The term Chrismukkah, a portmanteau of Christmas and Hanukkah, was coined in a December 2003 episode of The O.C. to refer to a combination of Christmas and Hanukkah. The term became popular, and Warner Bros. began selling related merchandise, but Catholic League and the New York Board of Rabbis released a joint statement condemning the idea as a "multicultural mess" which they stated was insulting to both Christians and Jews.

A similar term in German, Weihnukka, is a portmanteau of Weihnachten and Chanukka. In French, Hannoël combines Hanoucca with Noël.

==== Traditions and items ====

Blending between the Christmas and Hanukkah traditions has resulted in various traditions and items specific to Chrismukkah or to the interaction between Hanukkah and Christmas. Christmas trees are sometimes decorated with symbols representing Judaism or Hanukkah; such a tree may be dubbed a "Chrismukkah tree" or "Hanukkah bush".

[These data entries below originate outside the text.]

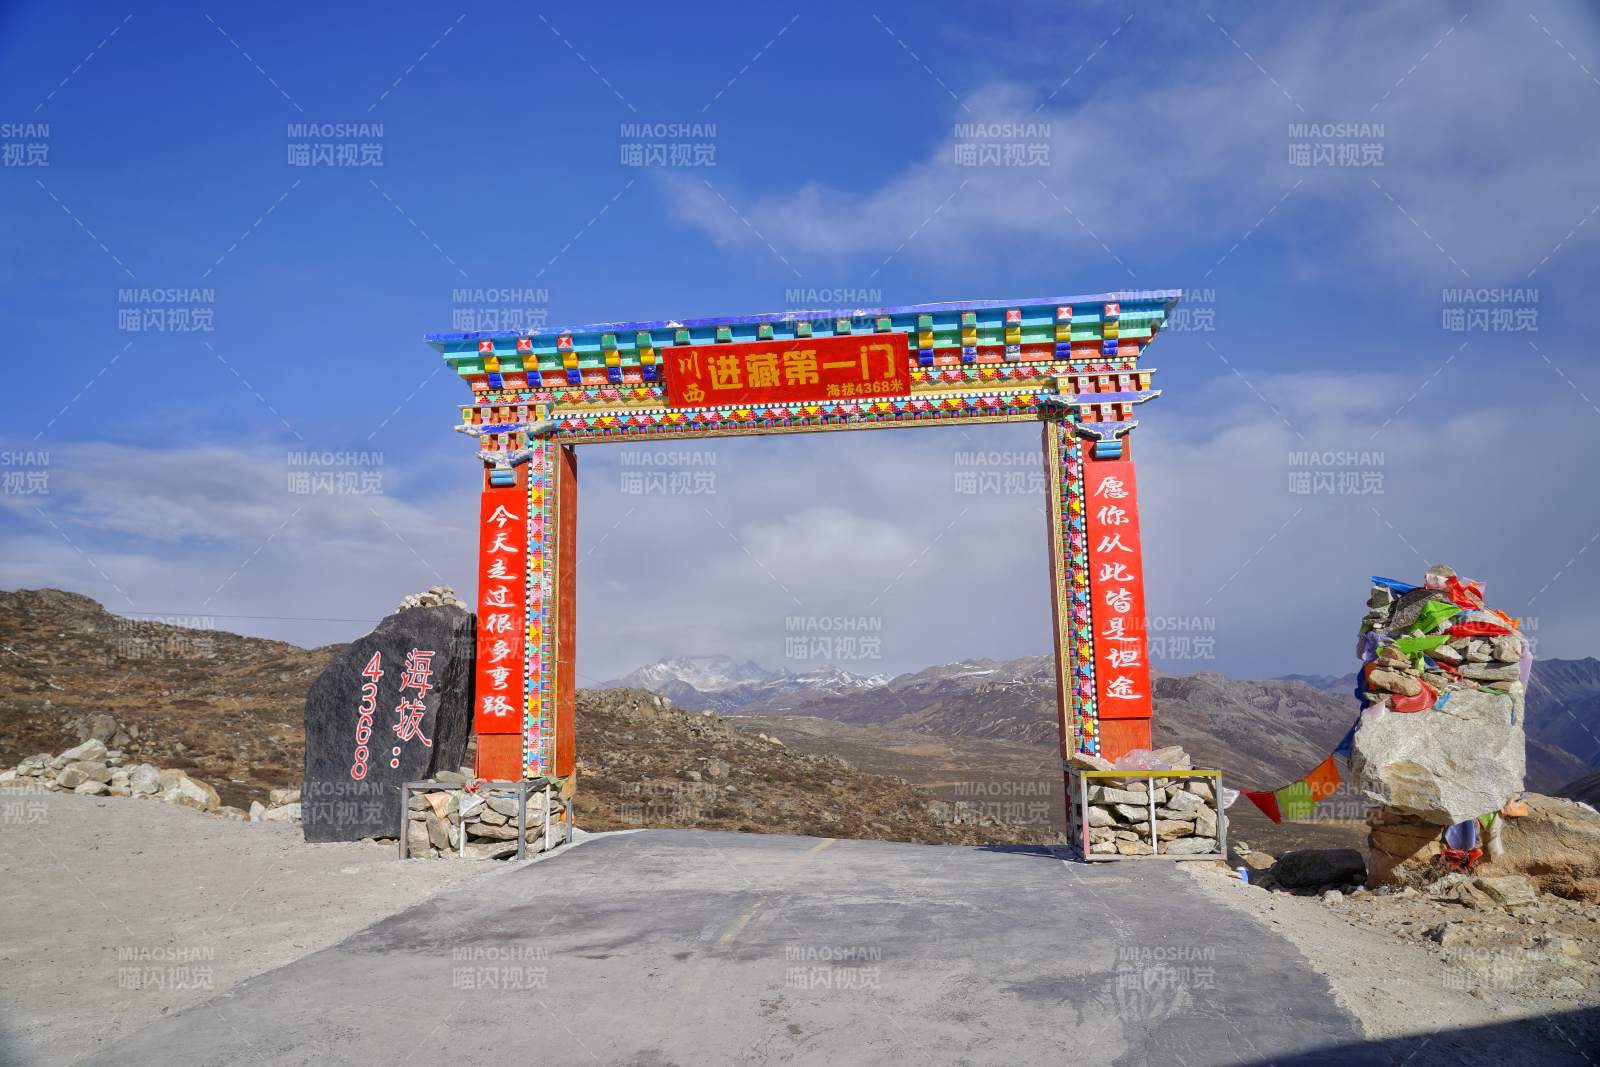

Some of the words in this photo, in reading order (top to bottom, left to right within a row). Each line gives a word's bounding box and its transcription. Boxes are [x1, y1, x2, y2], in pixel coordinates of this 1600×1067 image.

[678, 351, 705, 402] 川西
[707, 343, 896, 390] 进藏第一门
[826, 379, 904, 397] 海拔4368米
[482, 504, 520, 717] 今天走过很多弯路
[1094, 475, 1143, 700] 愿你从此皆是坦途
[351, 651, 384, 780] 4368

=== Christmas songs written by Jews ===
Many popular Christmas songs, especially in the United States, were written by Jewish composers, including "White Christmas", "The Christmas Song", "Let It Snow", "It's the Most Wonderful Time of the Year", and "Rudolph the Red-Nosed Reindeer". These songs focus on the secular aspects of Christmas rather than the religious aspects, portraying Christmas as an American holiday. One writer observed that "the entire sound track of this holiday, with remarkably few exceptions" was written by Jews.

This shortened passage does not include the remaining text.